_Exercise_. A word-for-word copy of the data is what's wanted; pictures stay out of it.

Entries taken from a collection:
+---+
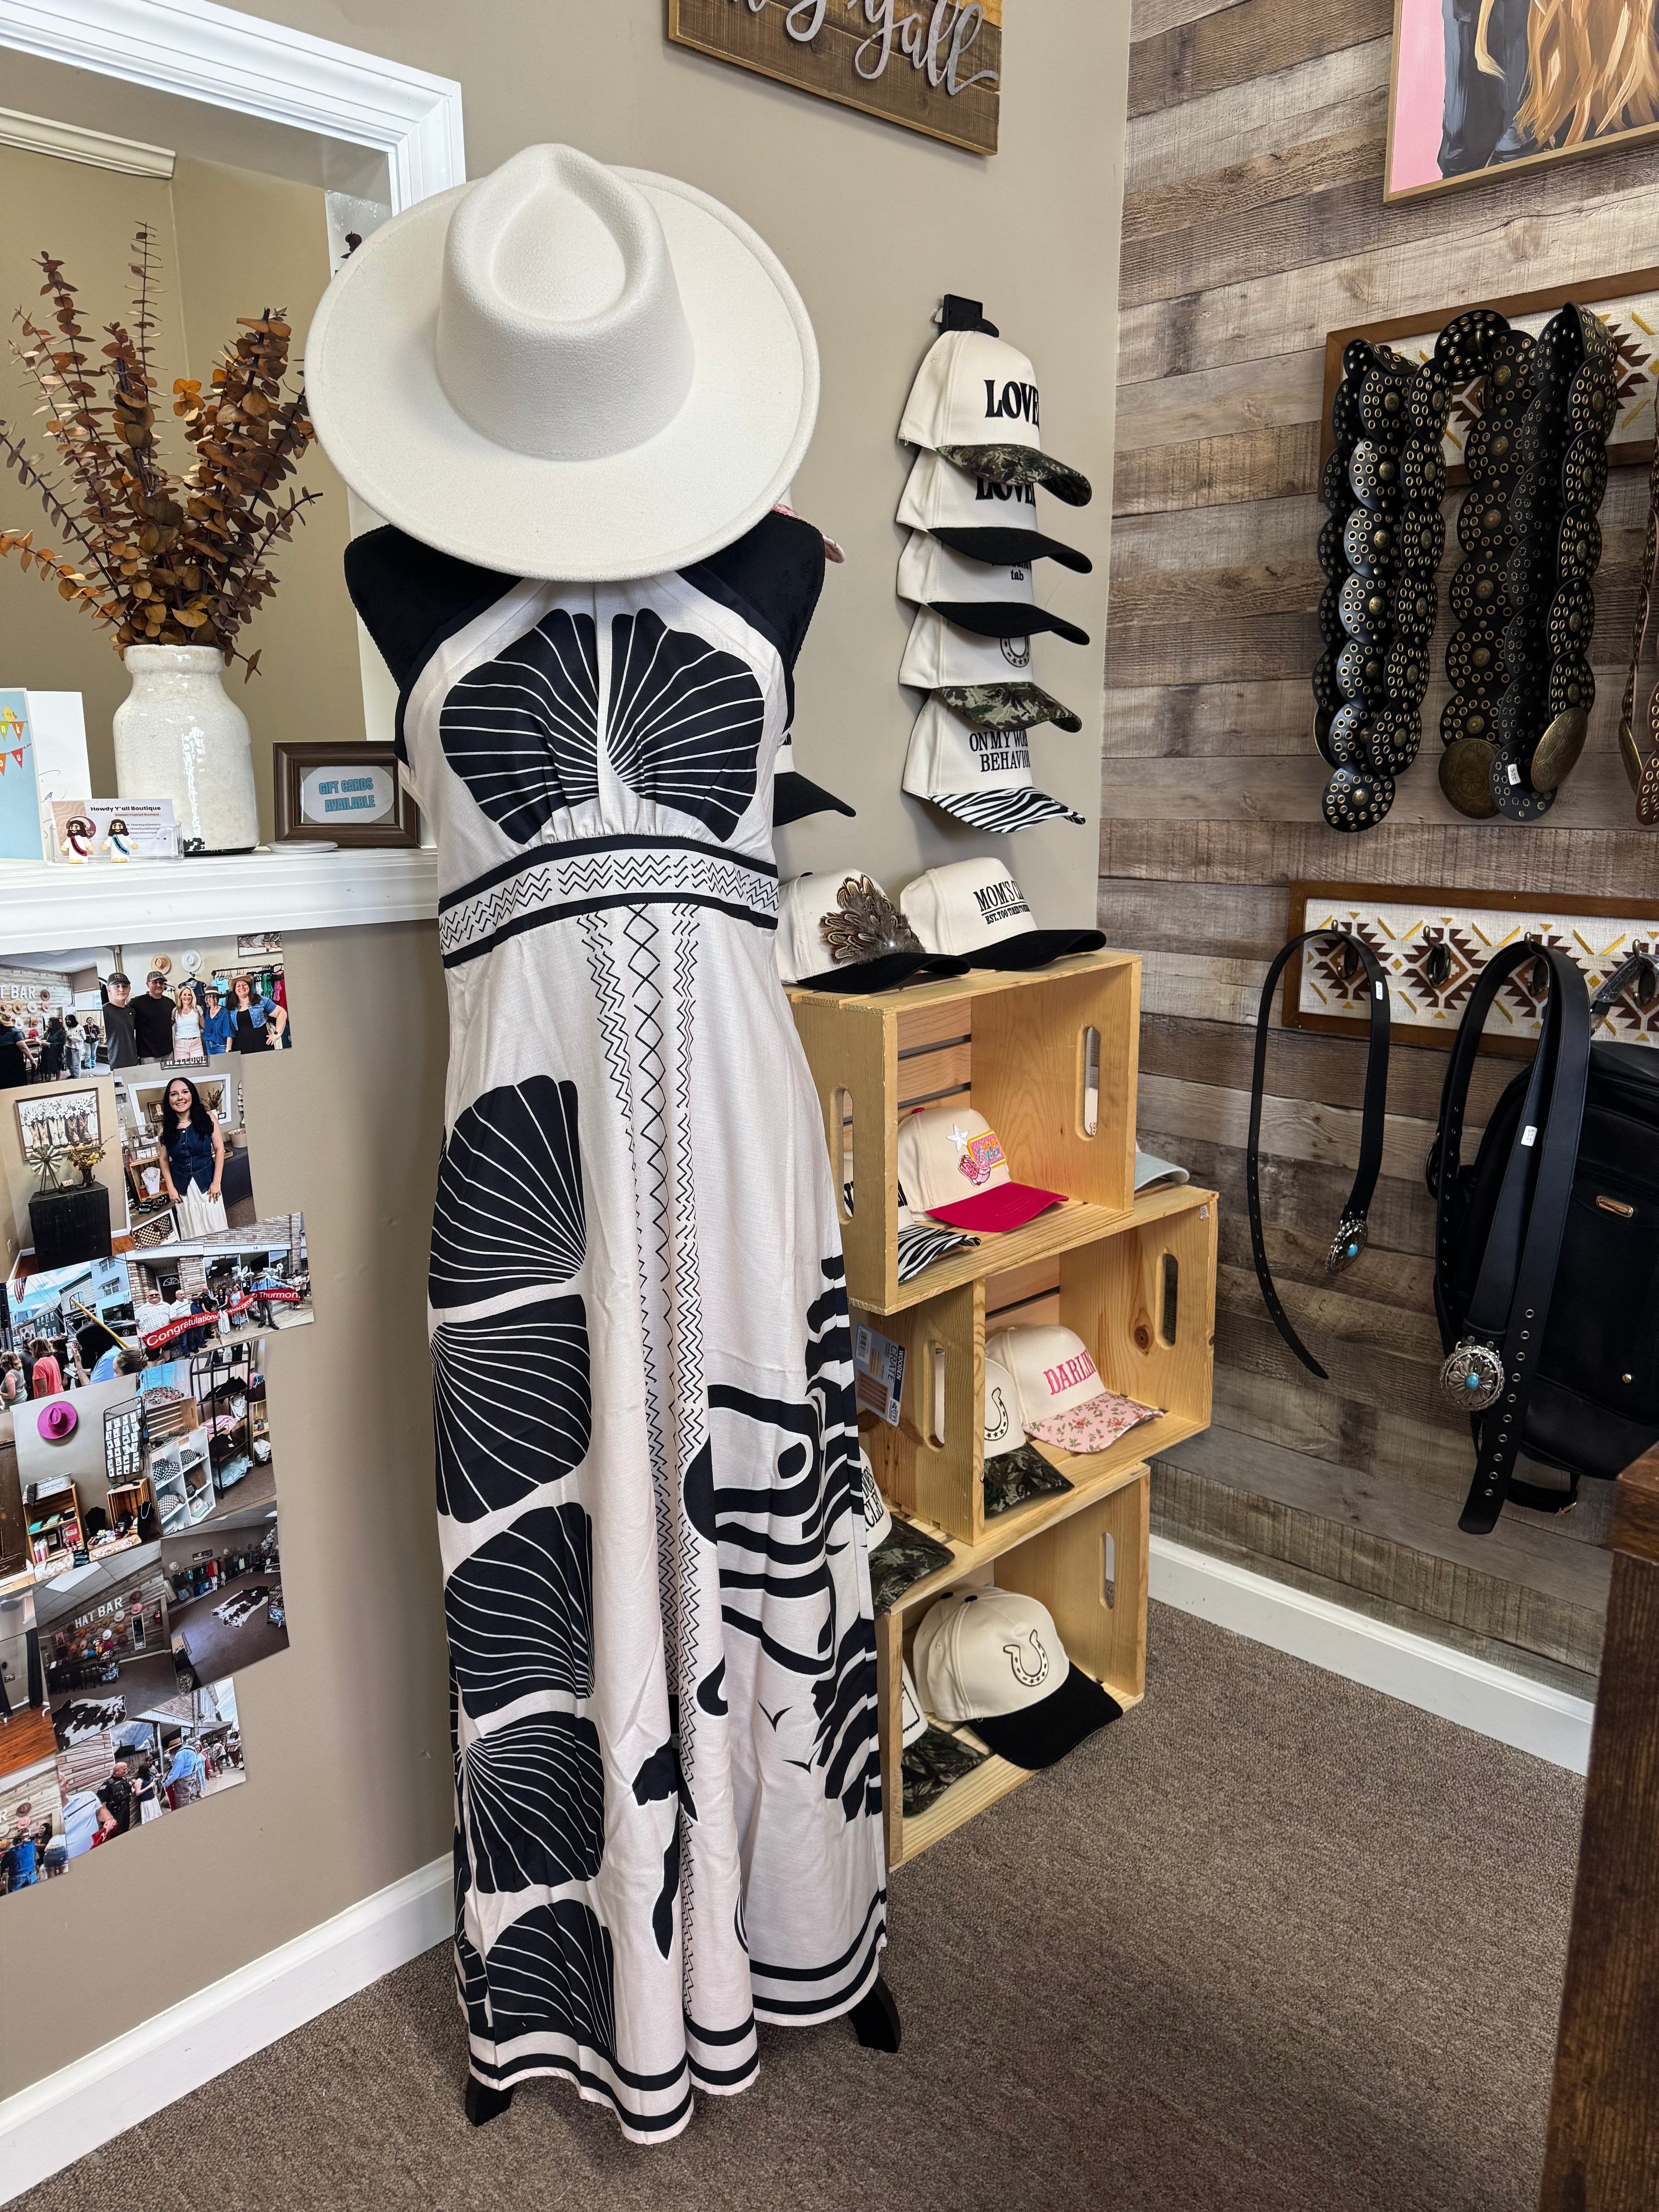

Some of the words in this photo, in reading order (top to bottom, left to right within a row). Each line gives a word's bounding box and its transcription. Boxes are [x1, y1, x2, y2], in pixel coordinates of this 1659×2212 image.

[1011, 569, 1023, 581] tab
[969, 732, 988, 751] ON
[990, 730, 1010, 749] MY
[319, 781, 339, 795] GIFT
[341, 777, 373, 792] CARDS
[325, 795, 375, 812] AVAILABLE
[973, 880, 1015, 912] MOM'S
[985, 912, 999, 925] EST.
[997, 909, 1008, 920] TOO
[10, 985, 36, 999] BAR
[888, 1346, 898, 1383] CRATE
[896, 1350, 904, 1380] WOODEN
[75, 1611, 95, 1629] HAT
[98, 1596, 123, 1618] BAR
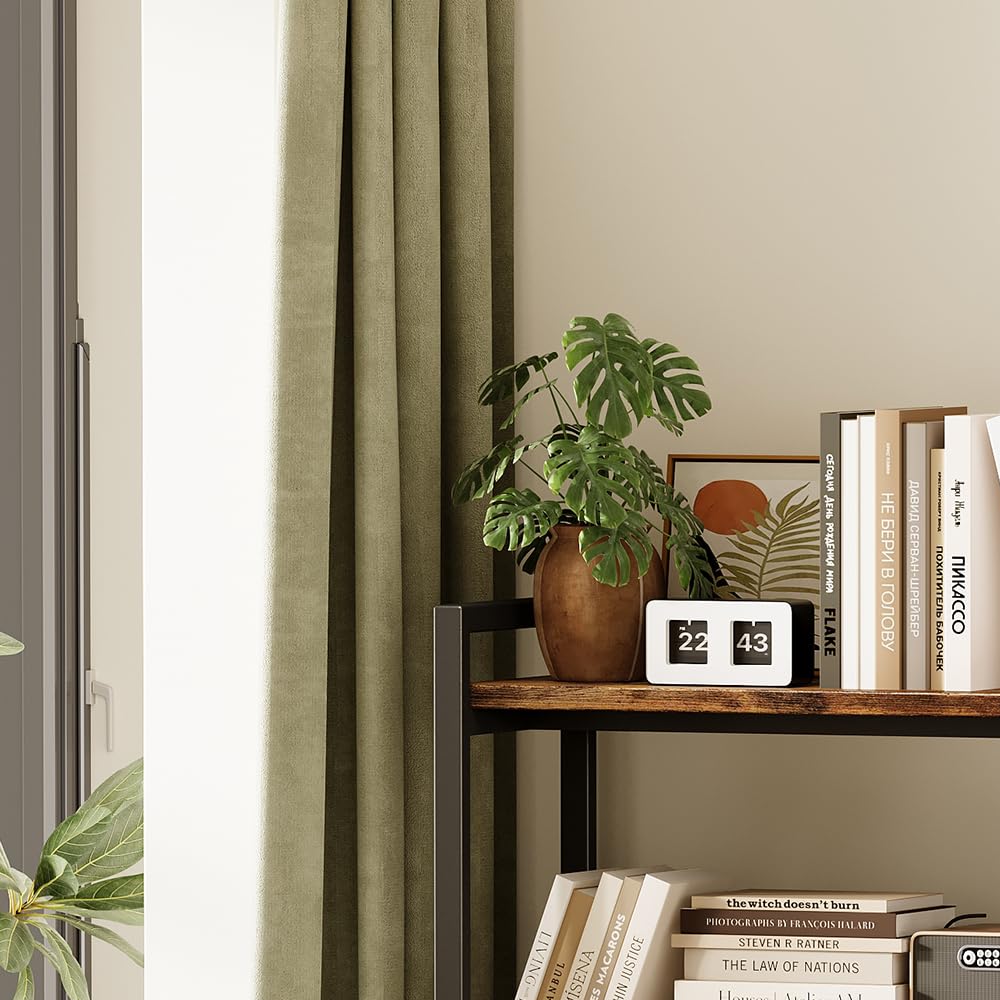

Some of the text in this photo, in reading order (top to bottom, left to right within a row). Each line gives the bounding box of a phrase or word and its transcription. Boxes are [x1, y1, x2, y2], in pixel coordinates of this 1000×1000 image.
+---+
_Written reply_.
Some of the words in this photo, in reading order (top to bottom, left to right within a row). Each line gives a word's bounding box and its transcription. Boxes are [x1, y1, x2, y2], in pixel coordinates of this 1659×2212 image.

[1011, 569, 1023, 581] tab
[969, 732, 988, 751] ON
[990, 730, 1010, 749] MY
[319, 781, 339, 795] GIFT
[341, 777, 373, 792] CARDS
[325, 795, 375, 812] AVAILABLE
[973, 880, 1015, 912] MOM'S
[985, 912, 999, 925] EST.
[997, 909, 1008, 920] TOO
[10, 985, 36, 999] BAR
[888, 1346, 898, 1383] CRATE
[896, 1350, 904, 1380] WOODEN
[75, 1611, 95, 1629] HAT
[98, 1596, 123, 1618] BAR

Some of the text in this photo, in reading order (top to bottom, left to right within a row). Each line gives the bounding box of a phrase or word and its transcription. Boxes are [x1, y1, x2, y2], in pixel coordinates of this 1000×1000 image.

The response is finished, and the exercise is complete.